What is it about Alice? This season two well-known children's book creators have tackled the challenge of shoehorning Alice's Adventures in Wonderland into pop-up books only six spreads long. Larded with dioramas, flaps, and other displays of paste-and-paper bravura, both versions are likely to create buzz among Alice collectors and aficionados of movable books. But the two renditions of the same story could hardly be more different.

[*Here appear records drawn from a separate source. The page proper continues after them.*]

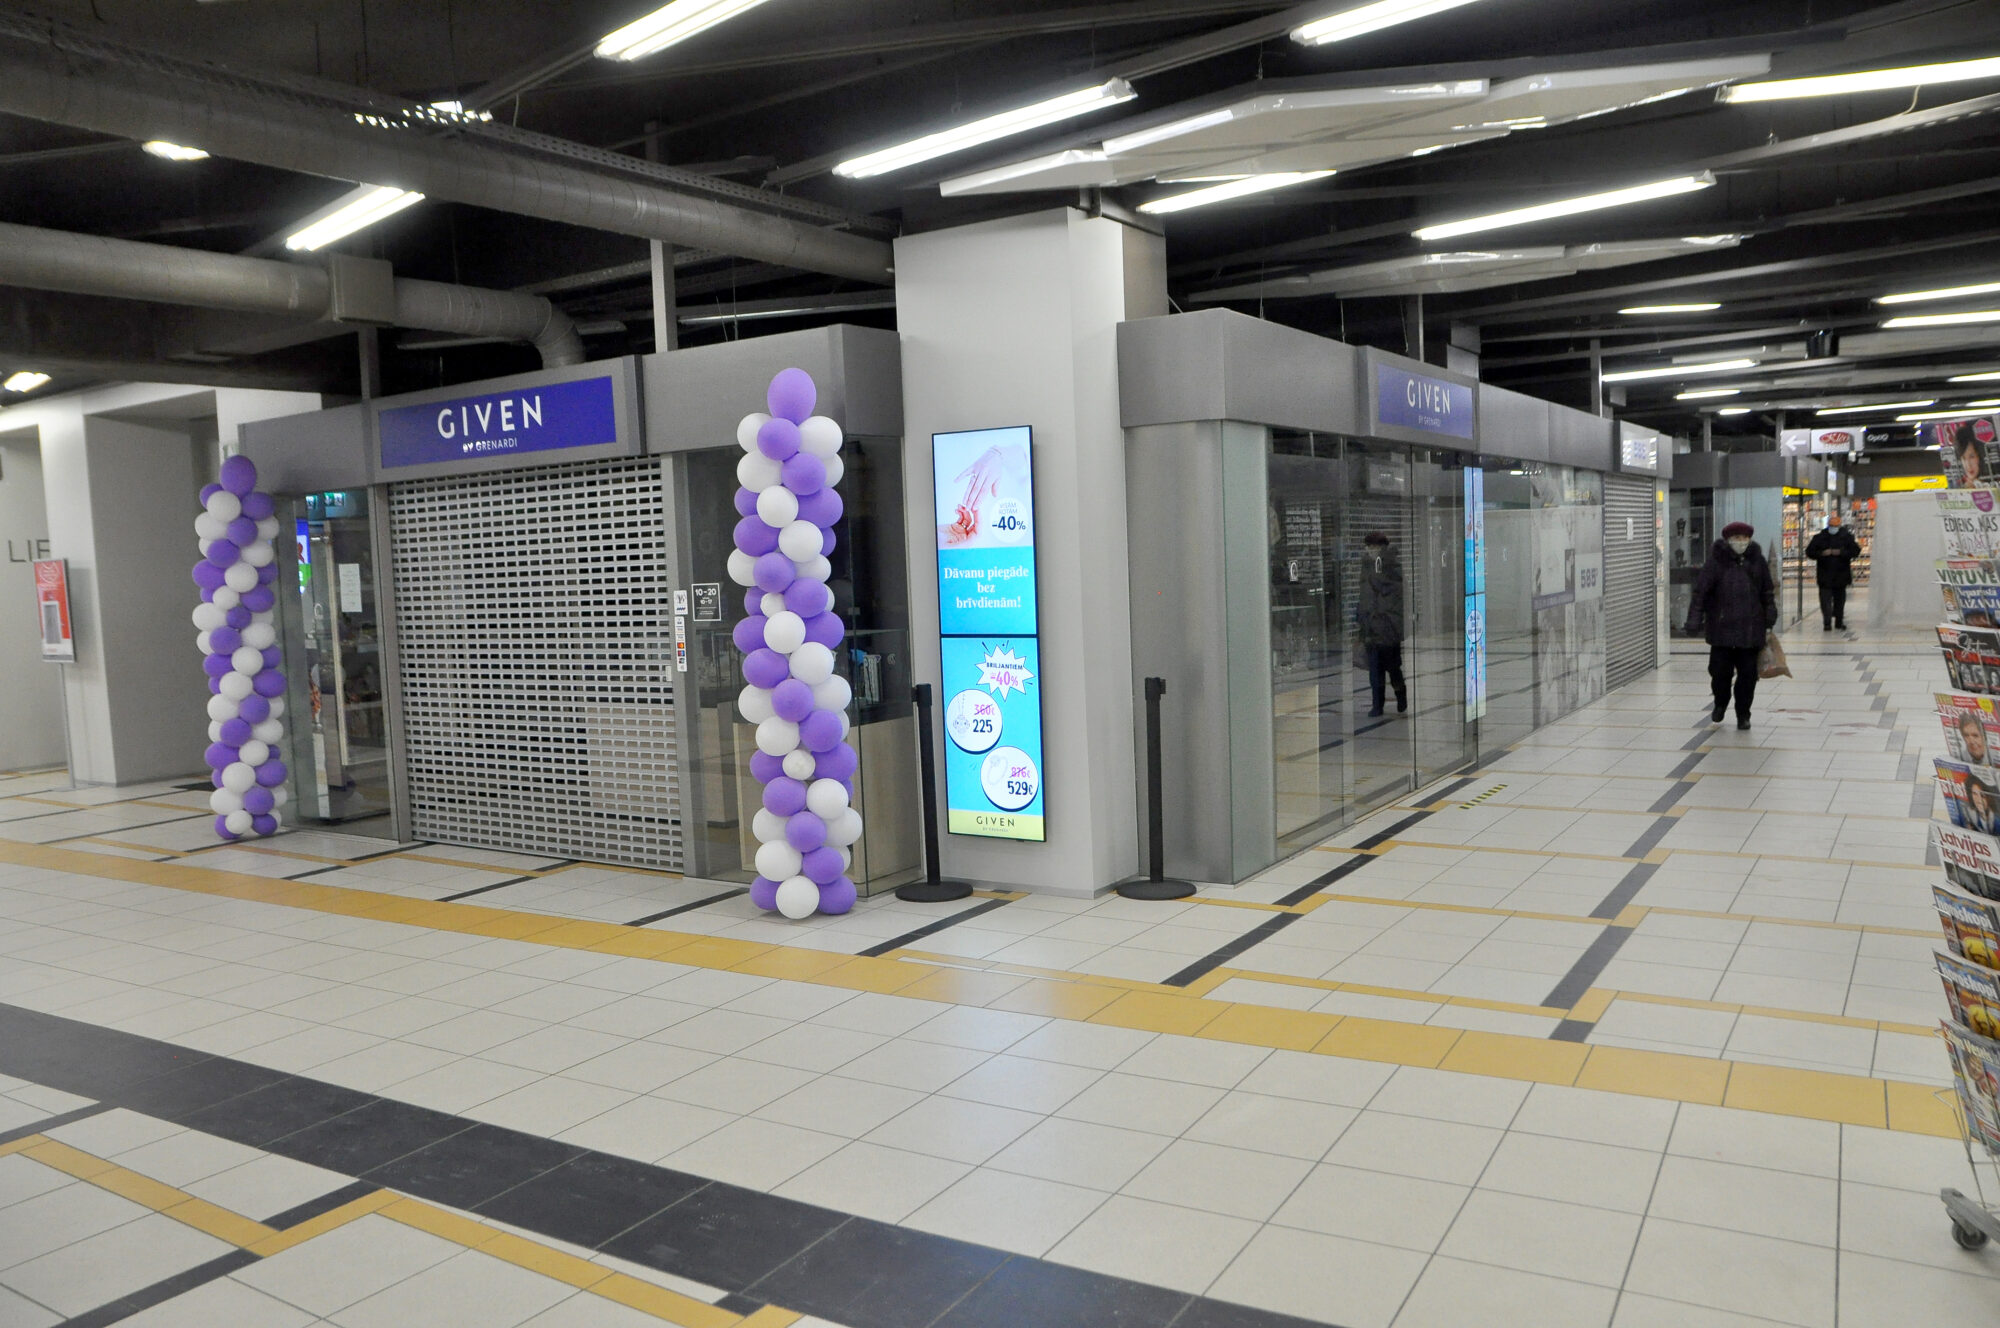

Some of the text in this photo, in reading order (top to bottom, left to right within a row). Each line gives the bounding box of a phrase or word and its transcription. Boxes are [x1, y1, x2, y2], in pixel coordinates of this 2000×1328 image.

[1407, 379, 1451, 415] GIVEN
[437, 395, 543, 439] GIVEN
[475, 437, 518, 452] GRENARDI
[991, 515, 1027, 531] -40%
[944, 565, 1030, 581] Dāvanu piegāde
[977, 582, 996, 593] bez
[956, 596, 1022, 609] brīvdienām!
[972, 718, 993, 733] 225
[975, 815, 1015, 827] GIVEN
[1937, 826, 1992, 858] Latvijas
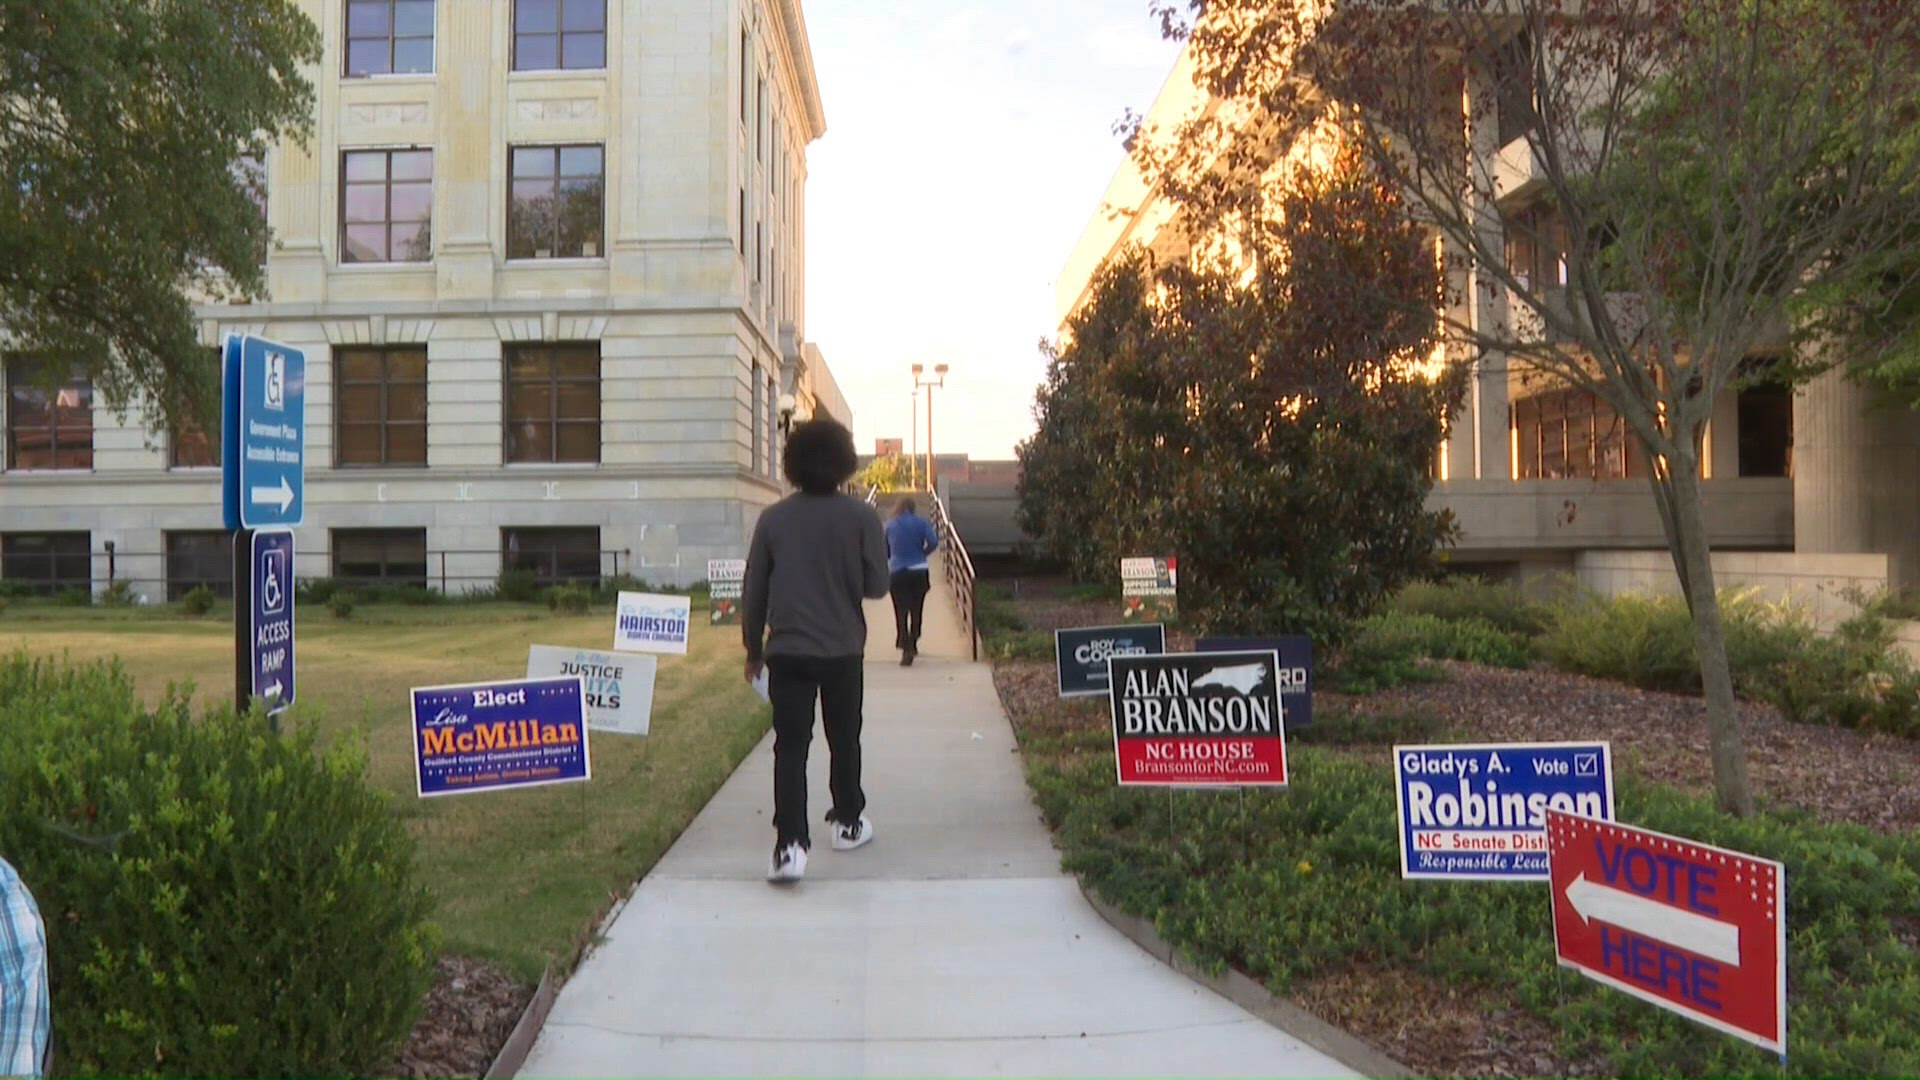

Seibold's "super dimensional" Alice, which he both designed and illustrated, plunges children into a psychedelic universe straight out of the Jefferson Airplane's "White Rabbit." It features Carroll's original text in brief, cherry-picked excerpts, so the finished product is more a series of interpretive highlights than a thorough presentation of the story, and the rococo, tough-to-decipher typeface adds to the impression that the book is meant to be viewed, not read. Seibold's trademark palette of beiges and pea greens, and a slightly grotesque Alice with Ronald McDonald clown feet, seem to dare readers to prefer Disney's prettiness or Tenniel's Victorian placidity. The pops conceived by Seibold and paper engineer James R. Diaz are a lot of fun. Each spread contains a dizzying array of devices and effects, including a particularly clever rendering of the vanishing Cheshire cat. In the end, however, all of this somehow seems less the point than the book's air of hipster irony.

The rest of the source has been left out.